This is guest post by Ihar Rubanau, Senior Data Scientist at Sigma Software Group. In it, he offers insights into how intelligent agents are reshaping the way we think about automation, decision-making, and collaboration between humans and machines. Drawing from his expertise in data science and applied AI, Ihar unpacks the evolving role of agents across industries and highlights their potential to drive more adaptive, context-aware, and efficient systems.

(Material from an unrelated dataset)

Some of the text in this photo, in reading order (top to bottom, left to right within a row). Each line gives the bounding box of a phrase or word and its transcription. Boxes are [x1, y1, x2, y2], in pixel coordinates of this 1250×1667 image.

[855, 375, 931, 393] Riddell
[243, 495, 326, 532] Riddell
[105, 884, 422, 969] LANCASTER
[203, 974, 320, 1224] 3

The concept of AI agents has undergone a rapid evolution. Originally, agents were simply intelligent substitutes for basic conditional logic — smart versions of switch or case statements. But things changed quickly. With the introduction of tools, agents became more than just logic handlers; they could now analyse data, search for information, and generate new content. This paved the way for a key innovation: the Model Context Protocol (MCP) — a unifying standard that allowed agents to interact with tools reliably. Some developers now compare MCP to “mega APIs,” a testament to its power and flexibility. The latest leap in this trajectory is the Agent-to-Agent (A2A) protocol, designed to enable direct communication between agents themselves — a true step toward autonomous collaboration.

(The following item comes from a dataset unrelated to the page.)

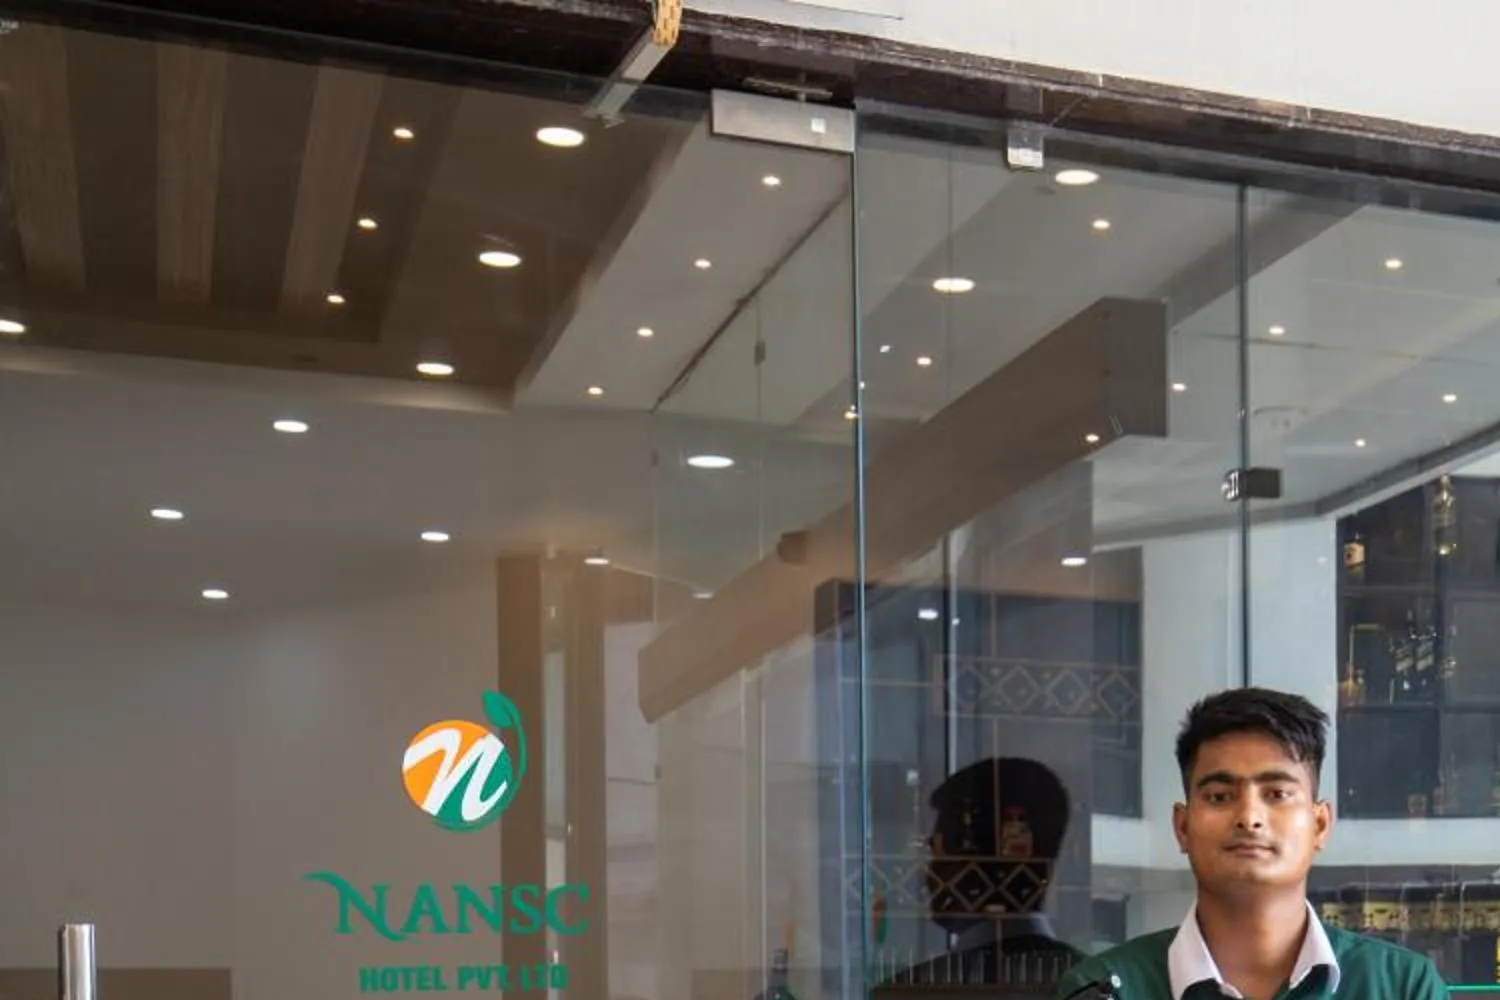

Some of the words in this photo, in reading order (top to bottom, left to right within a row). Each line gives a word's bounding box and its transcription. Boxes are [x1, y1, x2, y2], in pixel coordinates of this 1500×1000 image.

Agents in action: the new computing environment
We already see real-world applications of agents in environments like Cursor and Windsurf, where agents can edit code, run files, and interact with terminals autonomously. These platforms represent the current frontier of agentic computing — hands-on, integrated, and reactive. Simultaneously, new models continue to emerge. Tools like Grok-4 are pushing the performance envelope, setting new benchmarks and hinting at what lies just ahead.
In parallel, a quiet but powerful shift is happening across the corporate landscape: many companies are slowing down hiring, likely betting that increased productivity from AI adoption will compensate for smaller teams. Yet some companies — Meta, for example — are going the other way, building elite AI teams and offering millions to attract top talent. They see what’s coming.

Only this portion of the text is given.